> _PROBLEM STATEMENT_
Repeat each entry as written and leave the images out of the copy.

> _SUPPLIED DATA_

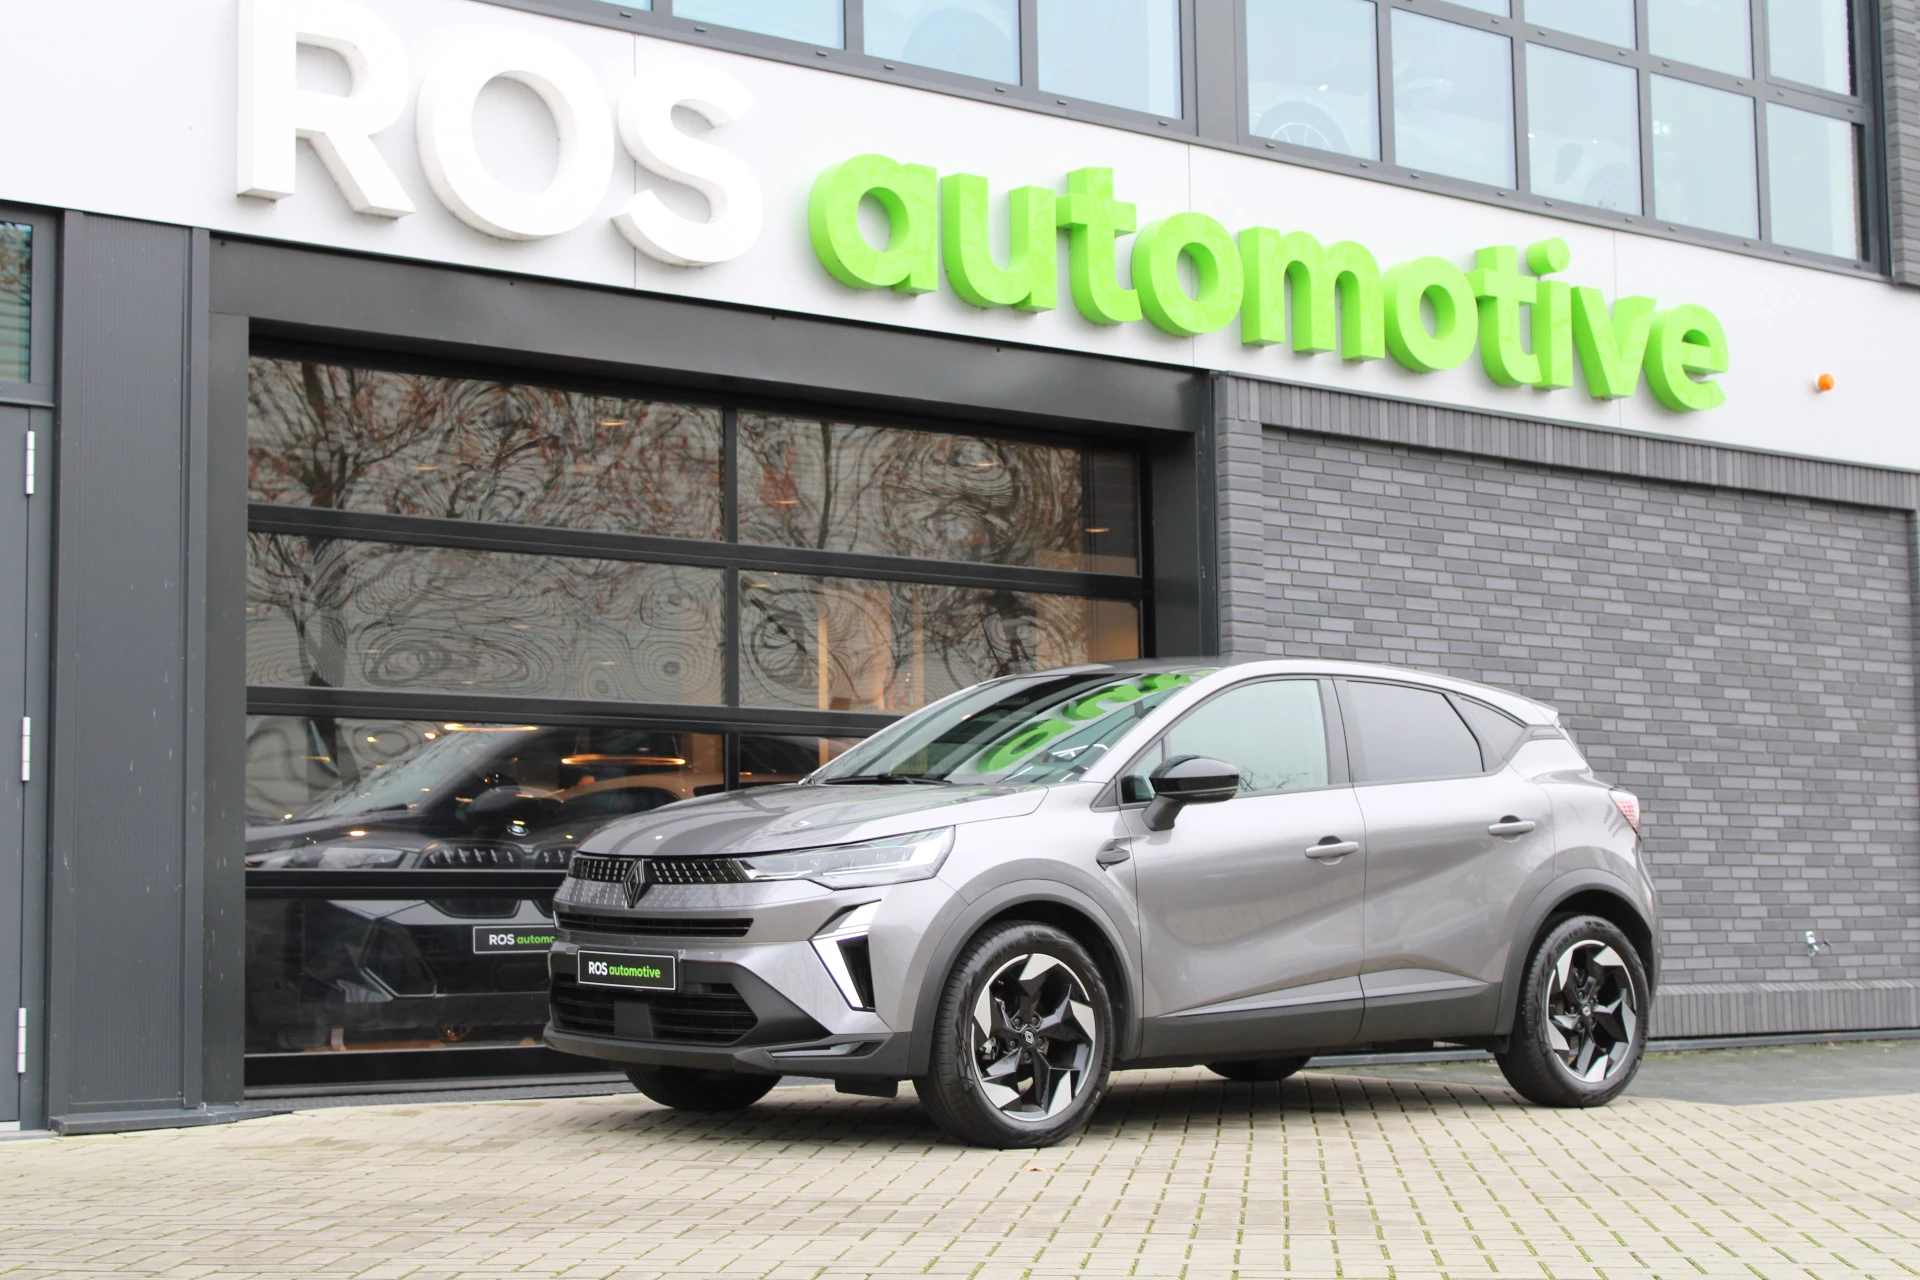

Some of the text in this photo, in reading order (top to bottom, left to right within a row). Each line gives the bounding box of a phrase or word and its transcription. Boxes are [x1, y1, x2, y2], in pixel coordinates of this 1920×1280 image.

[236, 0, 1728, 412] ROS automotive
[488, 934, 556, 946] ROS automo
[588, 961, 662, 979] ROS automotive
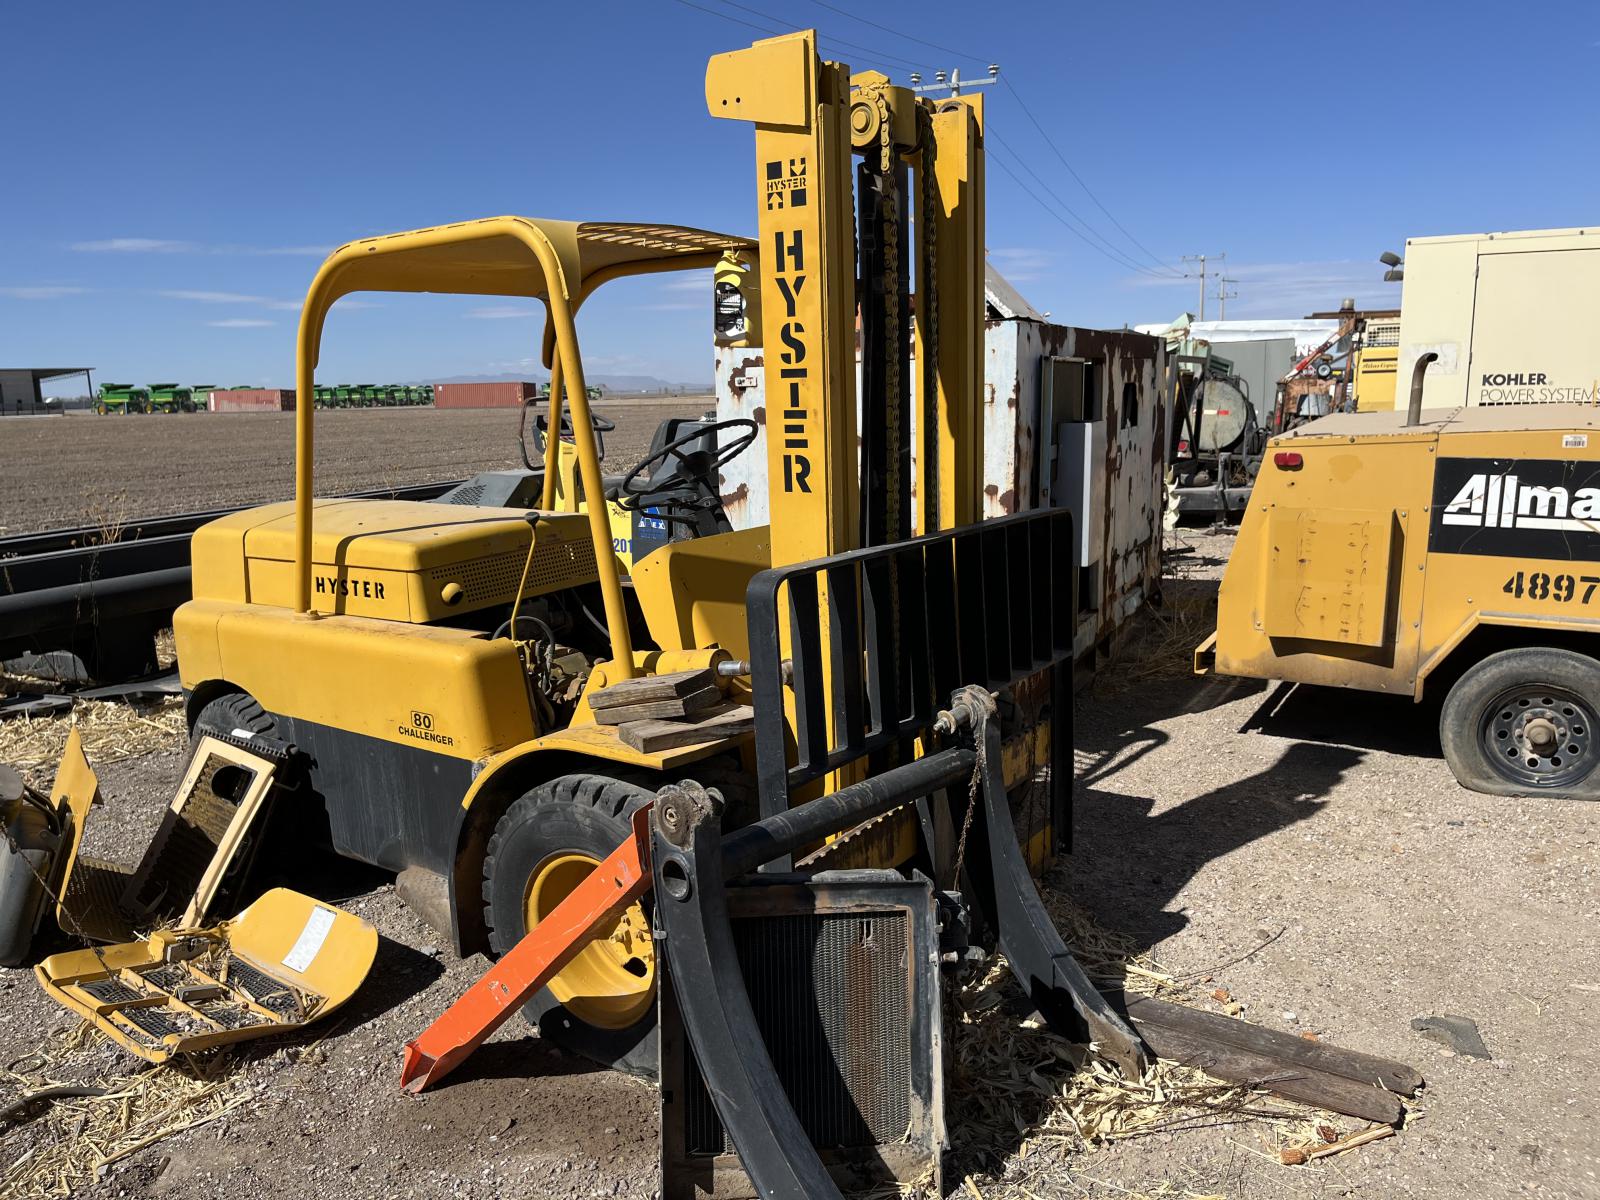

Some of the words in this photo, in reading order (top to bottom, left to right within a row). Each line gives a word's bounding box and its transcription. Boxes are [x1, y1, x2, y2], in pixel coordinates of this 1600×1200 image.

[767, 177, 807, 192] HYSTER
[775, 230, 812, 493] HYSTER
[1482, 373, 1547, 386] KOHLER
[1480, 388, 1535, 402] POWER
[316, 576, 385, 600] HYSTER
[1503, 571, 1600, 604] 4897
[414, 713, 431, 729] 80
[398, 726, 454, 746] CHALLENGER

> _RESPONSE AREA_
Some of the text in this photo, in reading order (top to bottom, left to right within a row). Each line gives the bounding box of a phrase or word and its transcription. Boxes are [x1, y1, x2, y2], in pixel coordinates of this 1920×1280 image.

[236, 0, 1728, 412] ROS automotive
[488, 934, 556, 946] ROS automo
[588, 961, 662, 979] ROS automotive

Some of the words in this photo, in reading order (top to bottom, left to right within a row). Each line gives a word's bounding box and its transcription. Boxes are [x1, y1, x2, y2], in pixel coordinates of this 1600×1200 image.

[767, 177, 807, 192] HYSTER
[775, 230, 812, 493] HYSTER
[1482, 373, 1547, 386] KOHLER
[1480, 388, 1535, 402] POWER
[316, 576, 385, 600] HYSTER
[1503, 571, 1600, 604] 4897
[414, 713, 431, 729] 80
[398, 726, 454, 746] CHALLENGER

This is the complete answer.